[Description of the task] Copy out the records precisely, omitting pictures.
════════
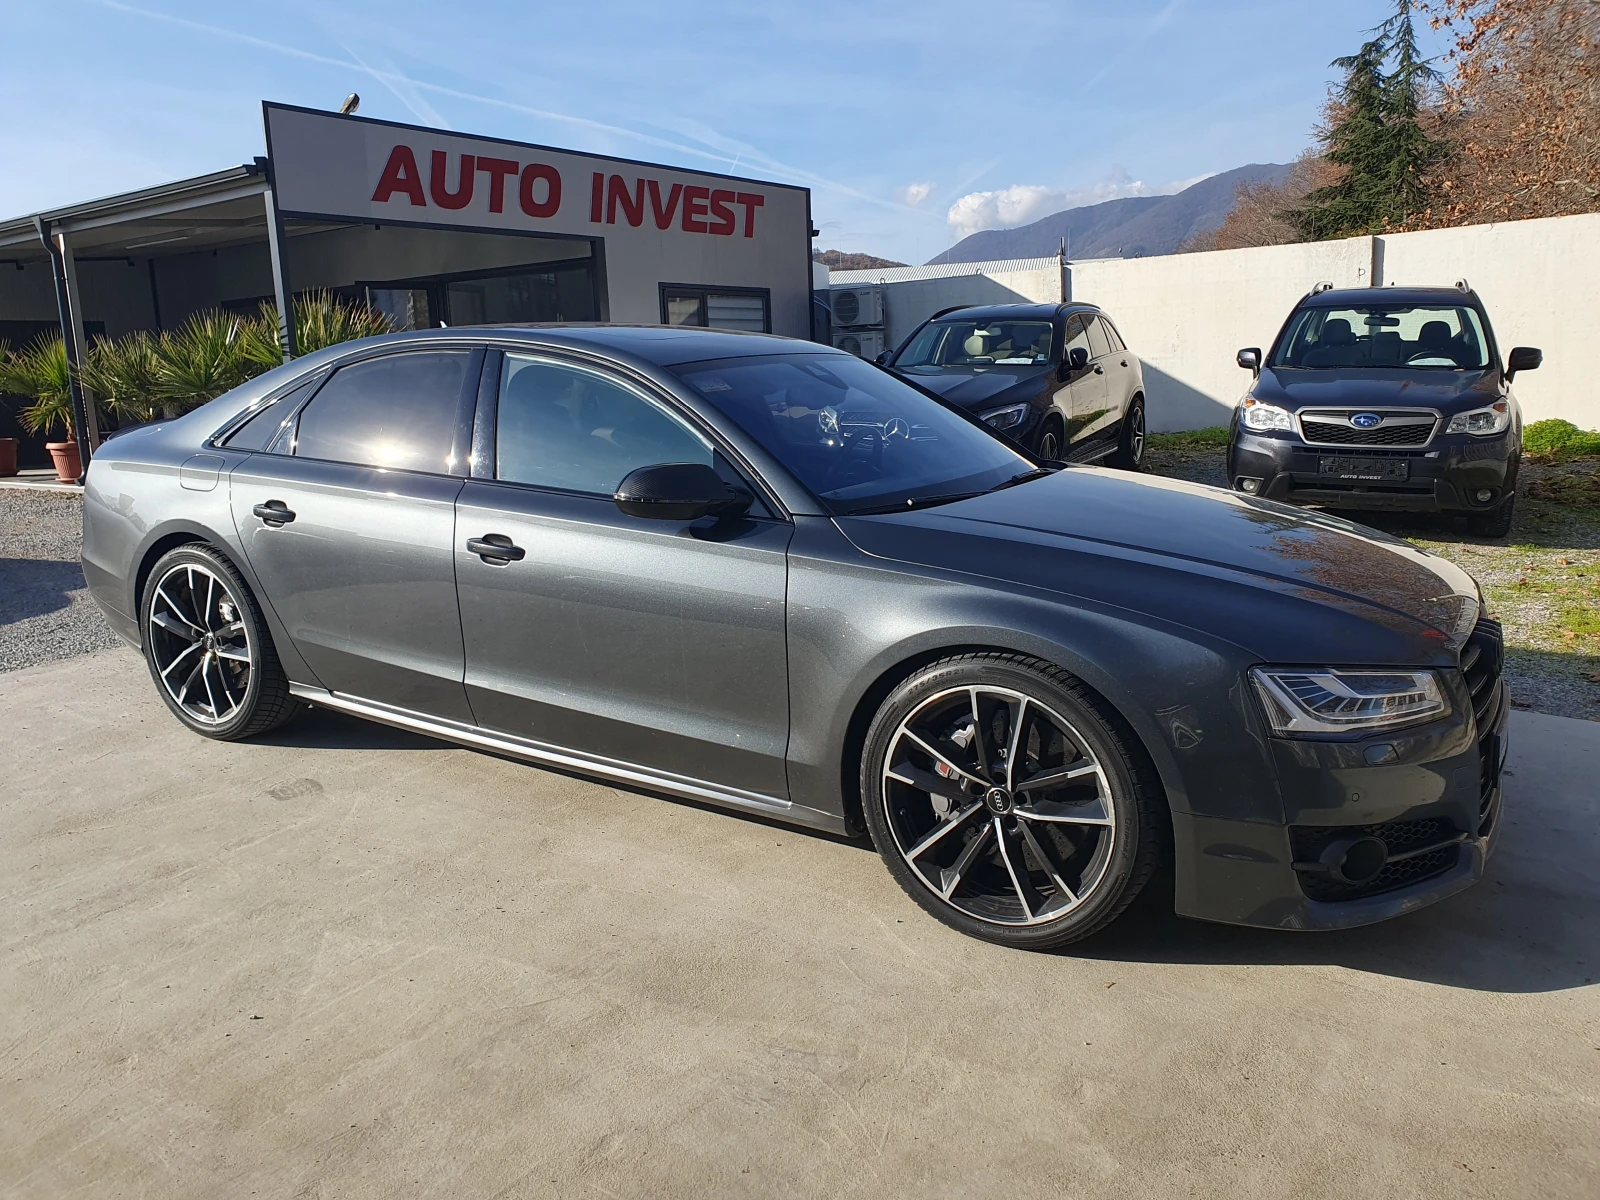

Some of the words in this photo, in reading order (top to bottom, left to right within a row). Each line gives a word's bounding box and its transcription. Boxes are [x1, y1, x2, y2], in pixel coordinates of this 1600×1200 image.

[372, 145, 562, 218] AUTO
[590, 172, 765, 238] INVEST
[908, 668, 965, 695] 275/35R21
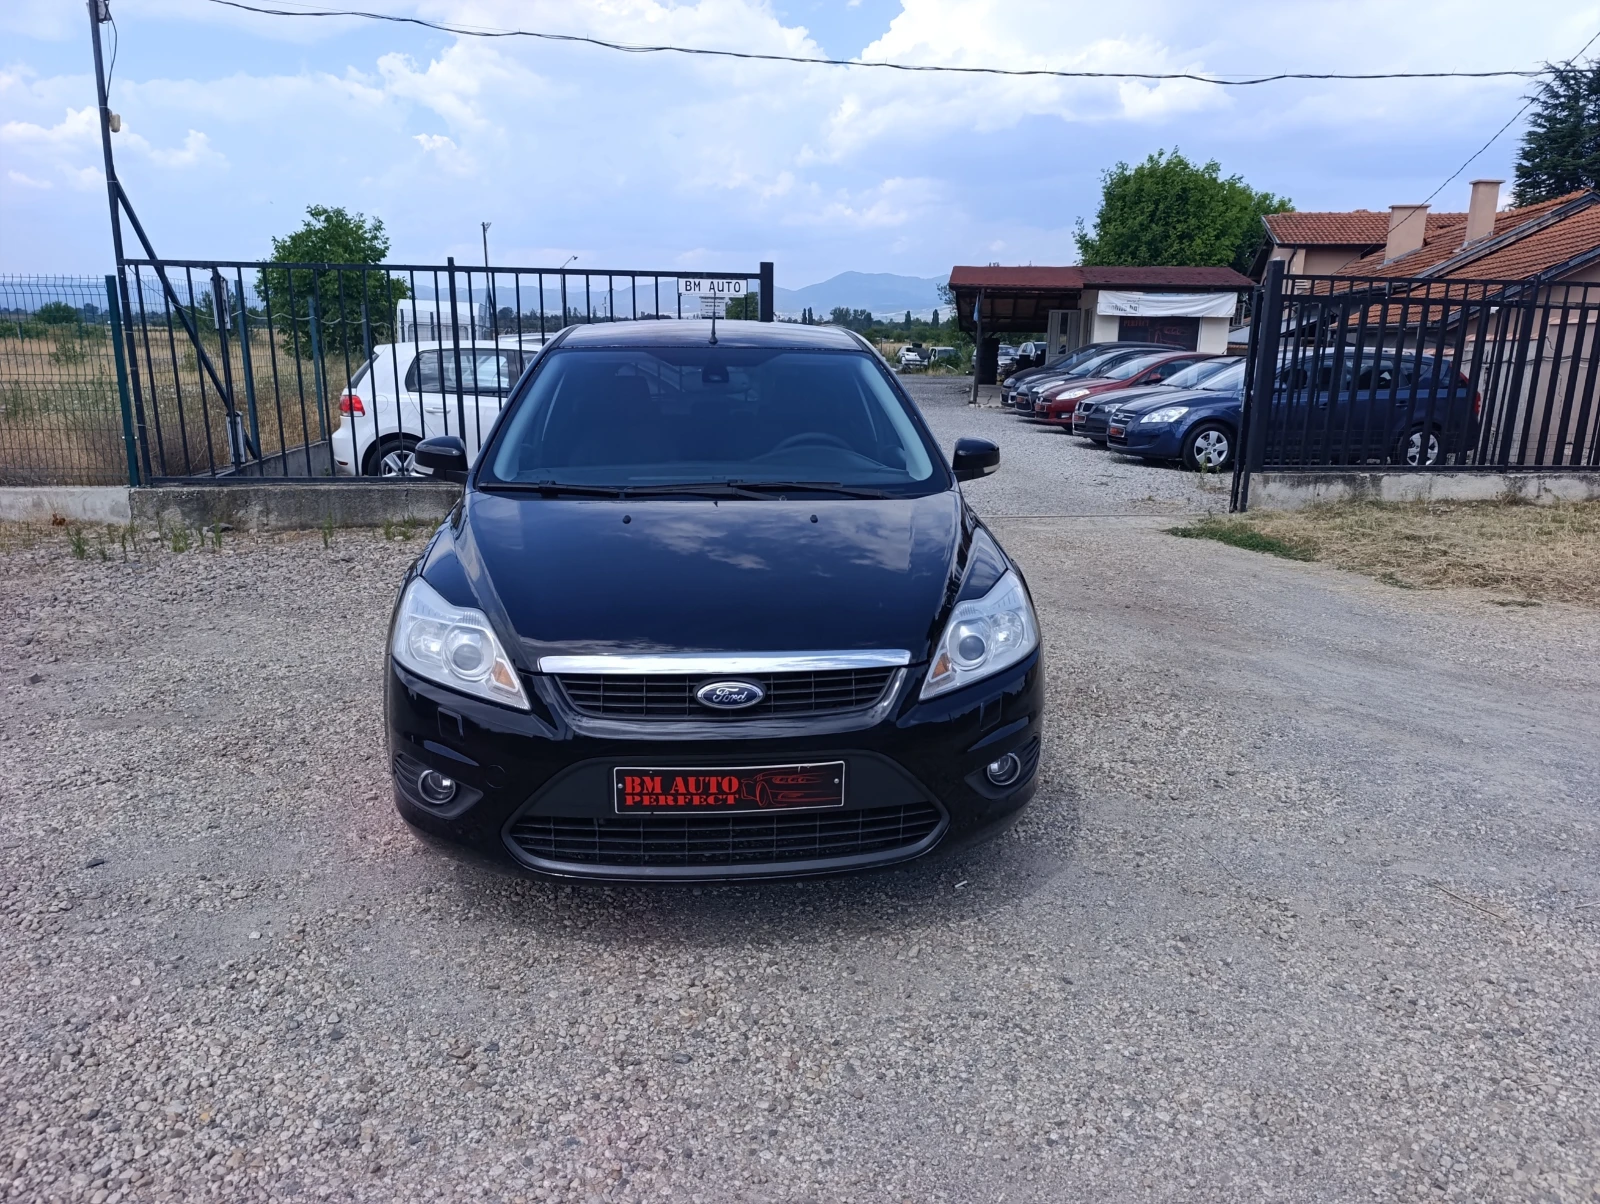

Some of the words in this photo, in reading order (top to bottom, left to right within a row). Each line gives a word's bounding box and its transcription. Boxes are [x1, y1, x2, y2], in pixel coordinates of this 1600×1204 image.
════════
[Written solution]
Some of the words in this photo, in reading order (top to bottom, left to right within a row). Each line gives a word's bounding box and its transcription. Boxes are [x1, y1, x2, y2], in pixel coordinates of this 1600×1200 image.

[372, 145, 562, 218] AUTO
[590, 172, 765, 238] INVEST
[908, 668, 965, 695] 275/35R21

Some of the words in this photo, in reading order (top to bottom, left to right within a row). Each line gives a word's bounding box and its transcription. Boxes are [x1, y1, x2, y2], in pixel coordinates of this 1600×1204 image.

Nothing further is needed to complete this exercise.